━━━━━ Provided data ━━━━━

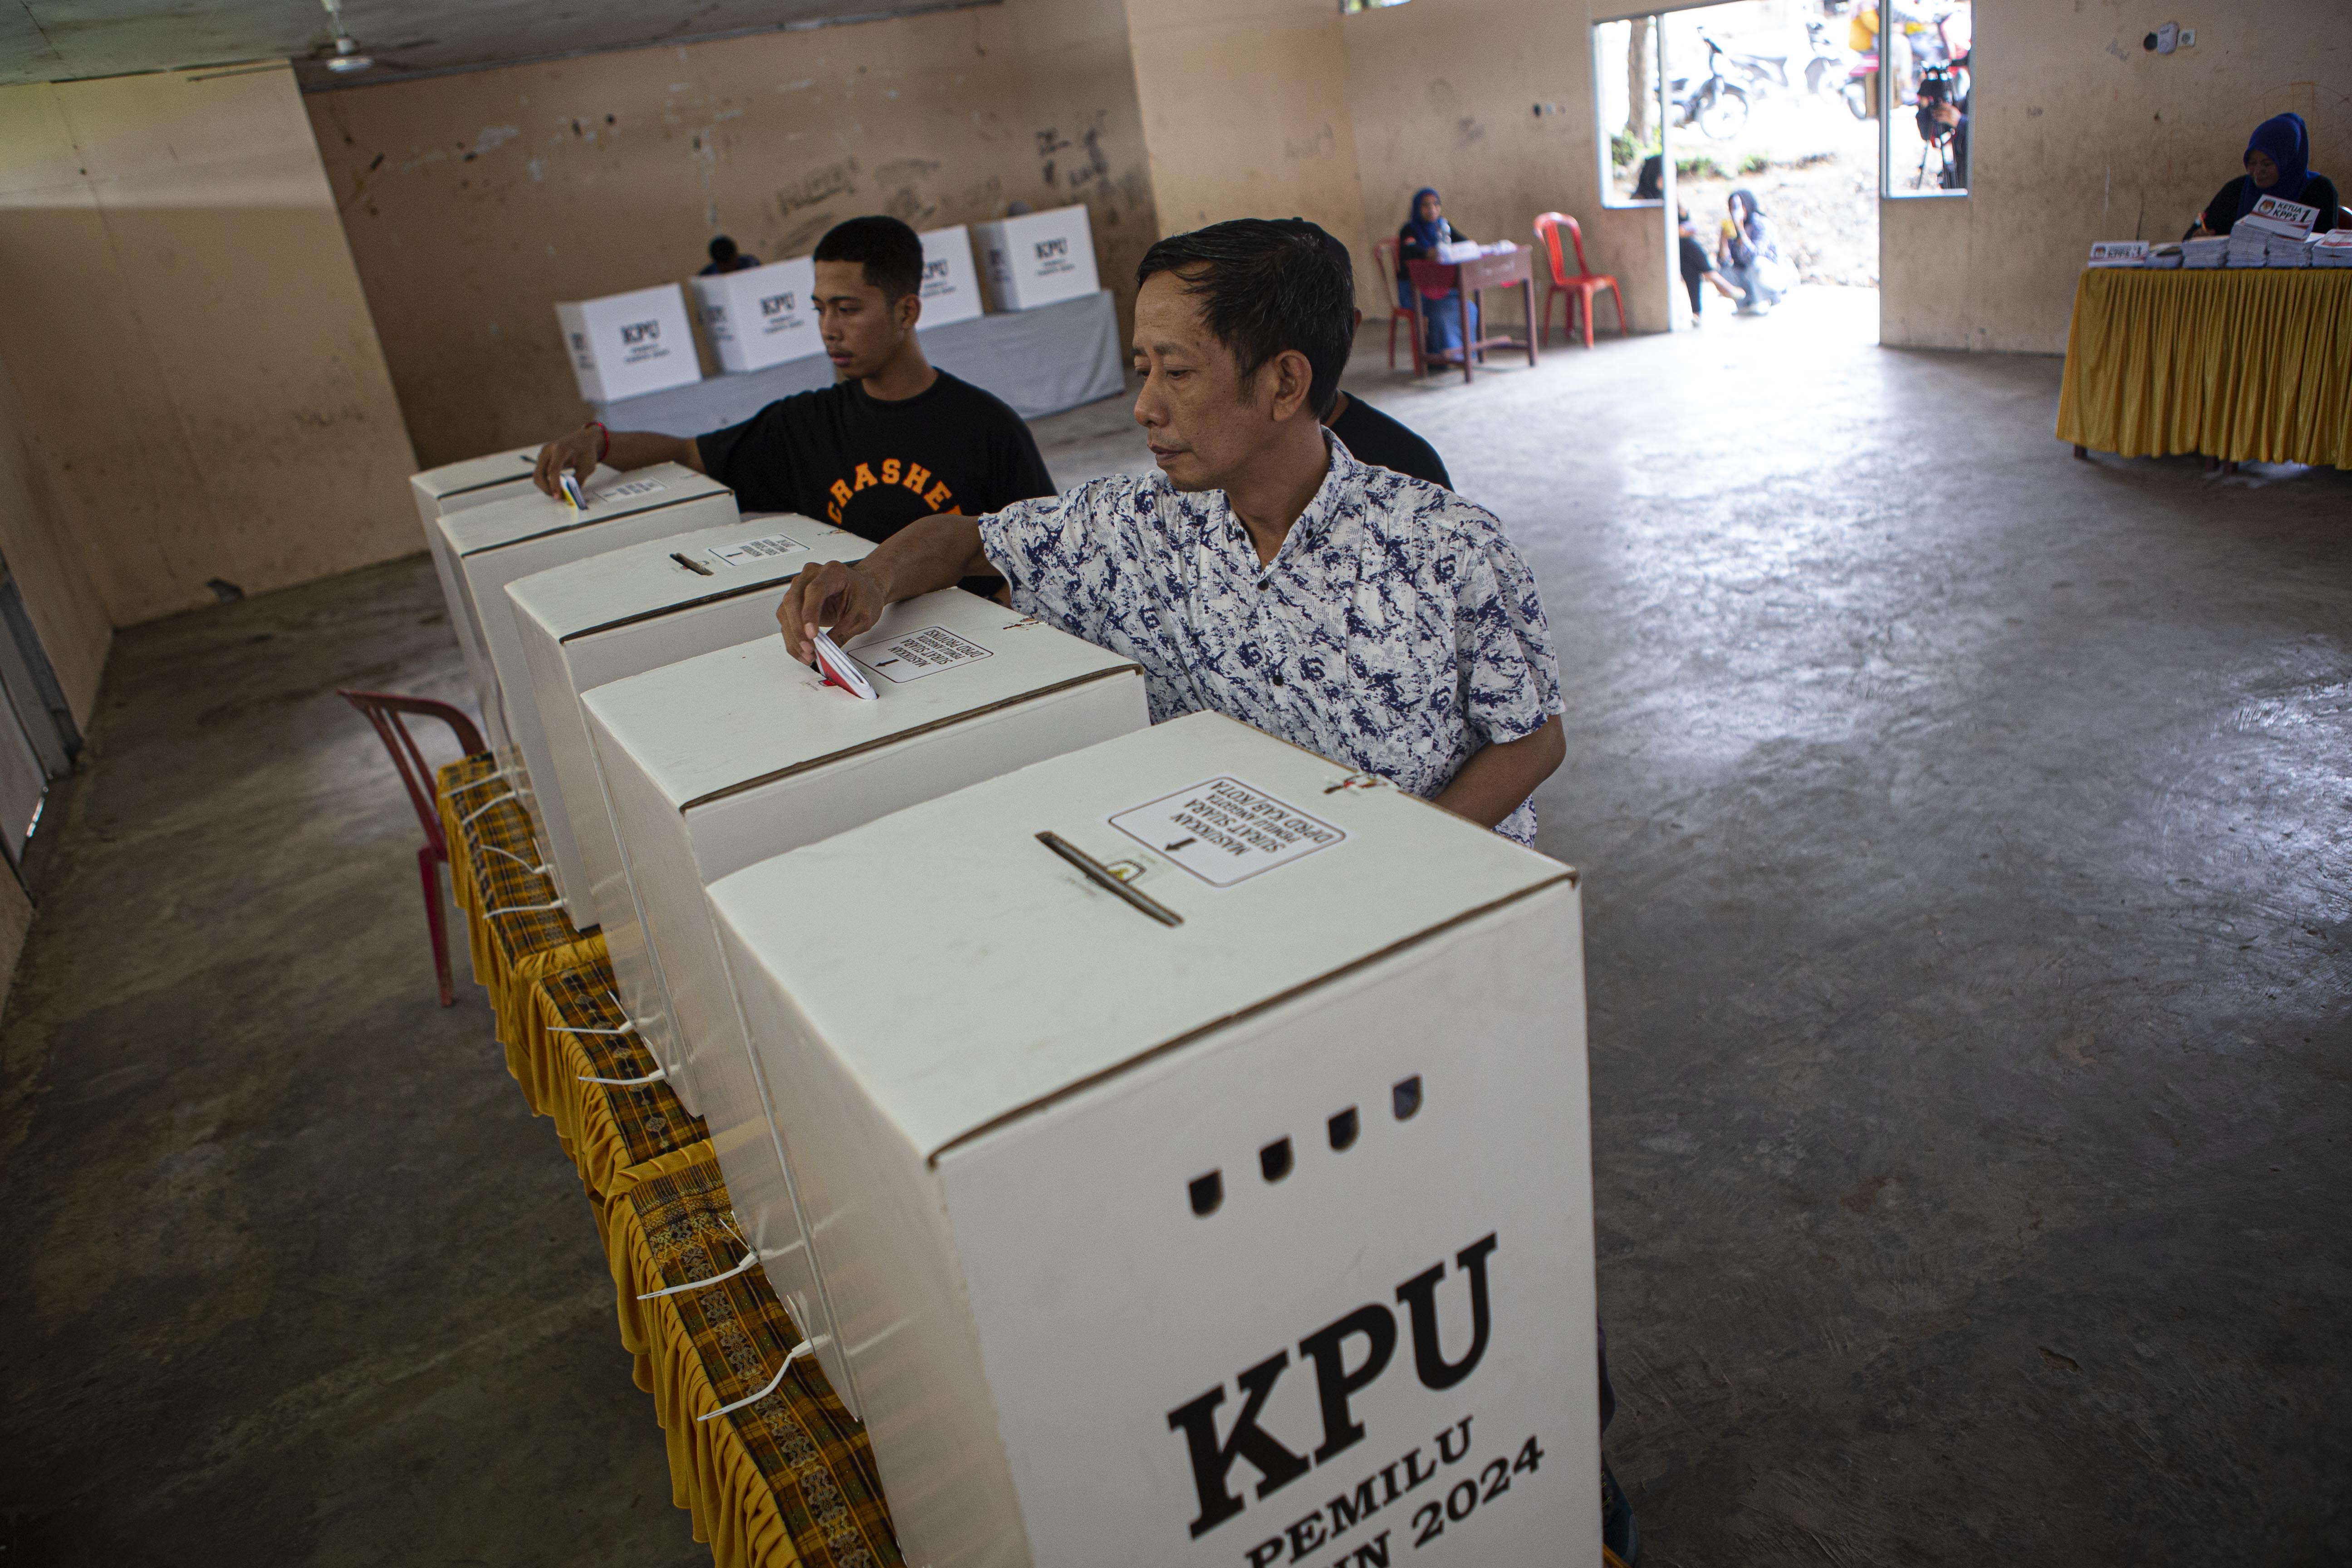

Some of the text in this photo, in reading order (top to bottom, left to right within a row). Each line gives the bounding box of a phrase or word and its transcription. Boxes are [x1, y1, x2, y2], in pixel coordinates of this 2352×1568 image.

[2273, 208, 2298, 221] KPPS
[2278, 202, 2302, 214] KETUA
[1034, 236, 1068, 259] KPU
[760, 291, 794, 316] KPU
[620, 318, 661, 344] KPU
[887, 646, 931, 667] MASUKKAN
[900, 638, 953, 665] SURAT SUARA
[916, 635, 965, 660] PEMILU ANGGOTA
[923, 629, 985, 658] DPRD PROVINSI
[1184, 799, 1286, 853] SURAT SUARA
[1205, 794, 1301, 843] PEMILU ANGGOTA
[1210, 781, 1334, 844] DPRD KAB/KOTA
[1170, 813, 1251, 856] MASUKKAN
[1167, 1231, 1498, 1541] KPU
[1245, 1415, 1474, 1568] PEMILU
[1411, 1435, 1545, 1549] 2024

━━━━━

Every entry above should be returned exactly, with no images included.

Some of the text in this photo, in reading order (top to bottom, left to right within a row). Each line gives the bounding box of a phrase or word and its transcription. Boxes are [x1, y1, x2, y2], in pixel coordinates of this 2352×1568 image.

[2273, 208, 2298, 221] KPPS
[2278, 202, 2302, 214] KETUA
[1034, 236, 1068, 259] KPU
[760, 291, 794, 316] KPU
[620, 318, 661, 344] KPU
[887, 646, 931, 667] MASUKKAN
[900, 638, 953, 665] SURAT SUARA
[916, 635, 965, 660] PEMILU ANGGOTA
[923, 629, 985, 658] DPRD PROVINSI
[1184, 799, 1286, 853] SURAT SUARA
[1205, 794, 1301, 843] PEMILU ANGGOTA
[1210, 781, 1334, 844] DPRD KAB/KOTA
[1170, 813, 1251, 856] MASUKKAN
[1167, 1231, 1498, 1541] KPU
[1245, 1415, 1474, 1568] PEMILU
[1411, 1435, 1545, 1549] 2024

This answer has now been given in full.